▸ **Required work**
Write out each record exactly and skip every image.
--- Records Enclosed Below ---
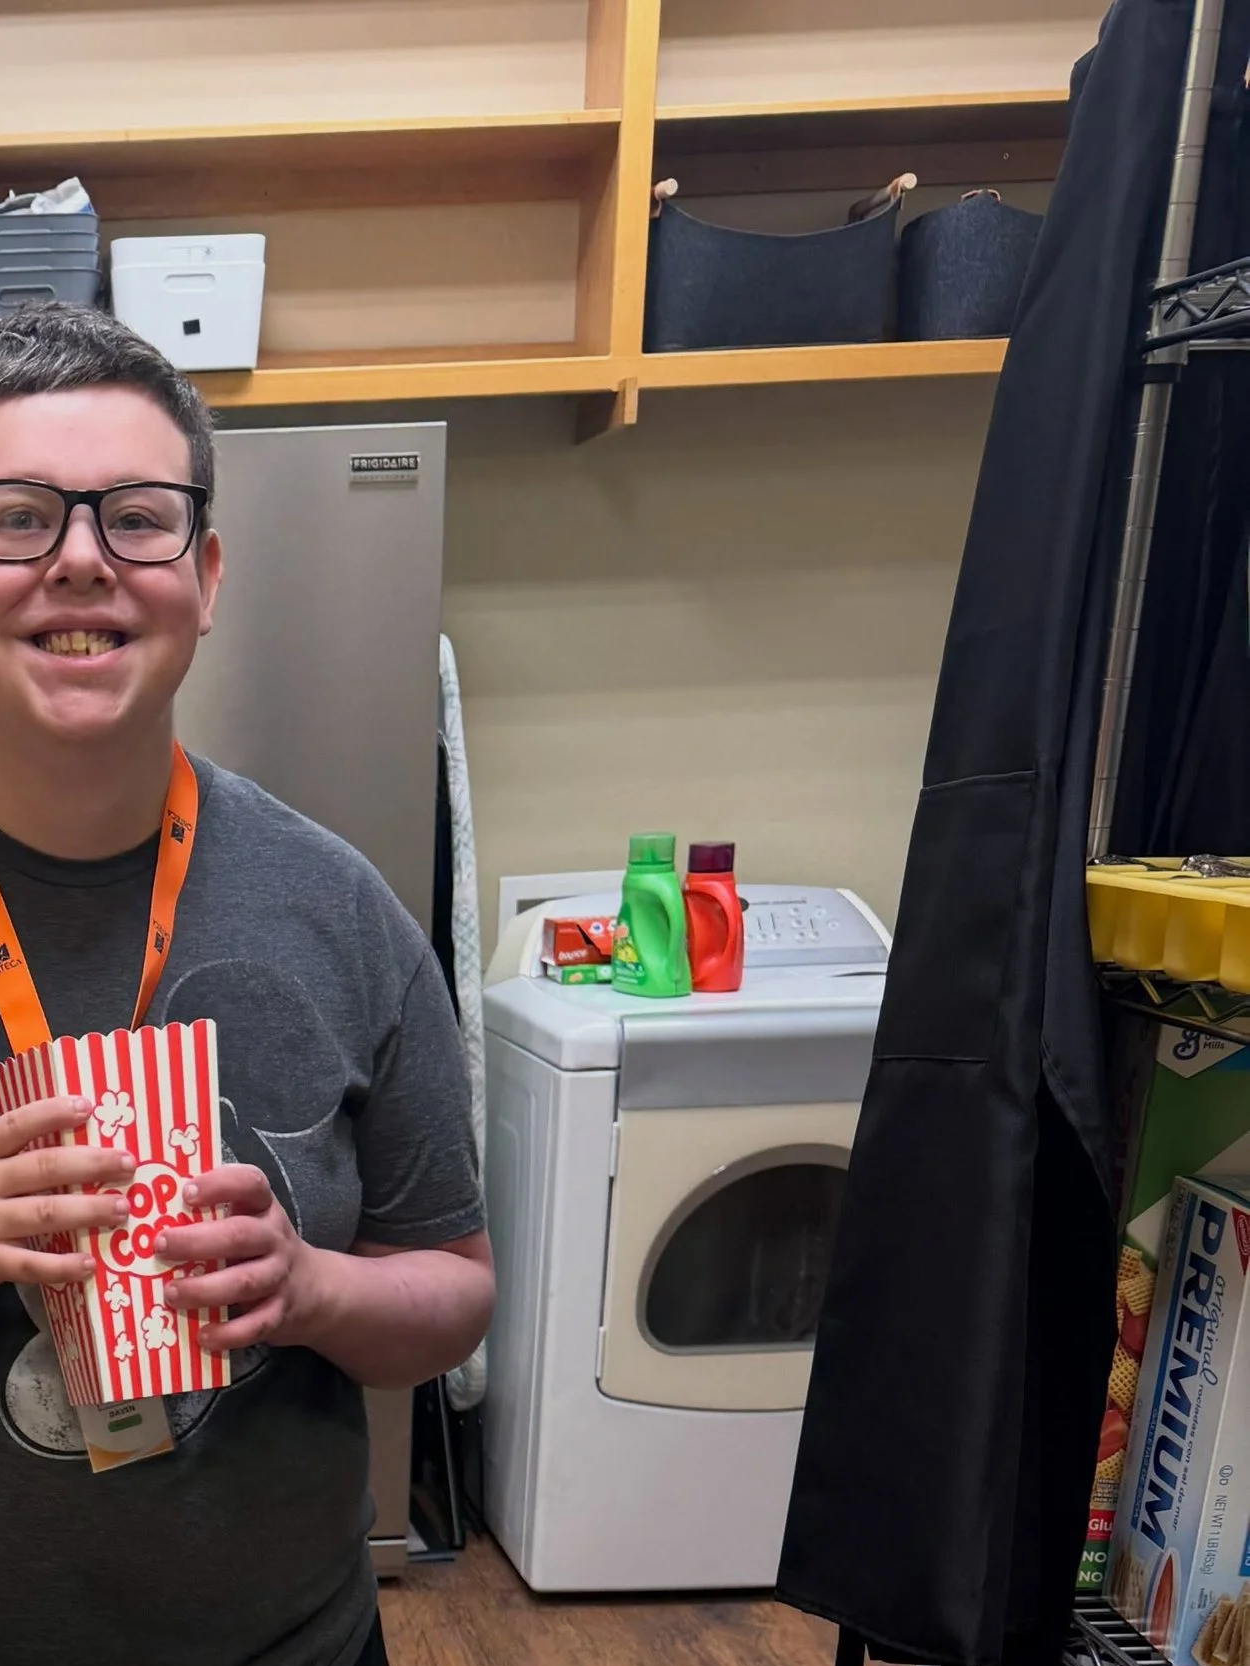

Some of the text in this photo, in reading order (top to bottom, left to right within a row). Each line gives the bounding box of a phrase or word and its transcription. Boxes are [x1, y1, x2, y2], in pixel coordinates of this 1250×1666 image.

[353, 457, 417, 469] FRIGIDAIRE
[102, 1174, 177, 1228] OP
[1200, 1275, 1226, 1386] original
[1141, 1200, 1227, 1550] PREMIUM
[1185, 1440, 1193, 1463] con
[1214, 1494, 1227, 1509] NET
[1088, 1518, 1112, 1531] Glu
[1173, 1504, 1182, 1531] mar
[1212, 1510, 1224, 1530] WT
[1081, 1550, 1107, 1563] NO
[1078, 1571, 1103, 1583] NO
--- End of Enclosed Records ---
▸ **Answer to this exercise**
Some of the text in this photo, in reading order (top to bottom, left to right within a row). Each line gives the bounding box of a phrase or word and its transcription. Boxes are [x1, y1, x2, y2], in pixel coordinates of this 1250×1666 image.

[353, 457, 417, 469] FRIGIDAIRE
[102, 1174, 177, 1228] OP
[1200, 1275, 1226, 1386] original
[1141, 1200, 1227, 1550] PREMIUM
[1185, 1440, 1193, 1463] con
[1214, 1494, 1227, 1509] NET
[1088, 1518, 1112, 1531] Glu
[1173, 1504, 1182, 1531] mar
[1212, 1510, 1224, 1530] WT
[1081, 1550, 1107, 1563] NO
[1078, 1571, 1103, 1583] NO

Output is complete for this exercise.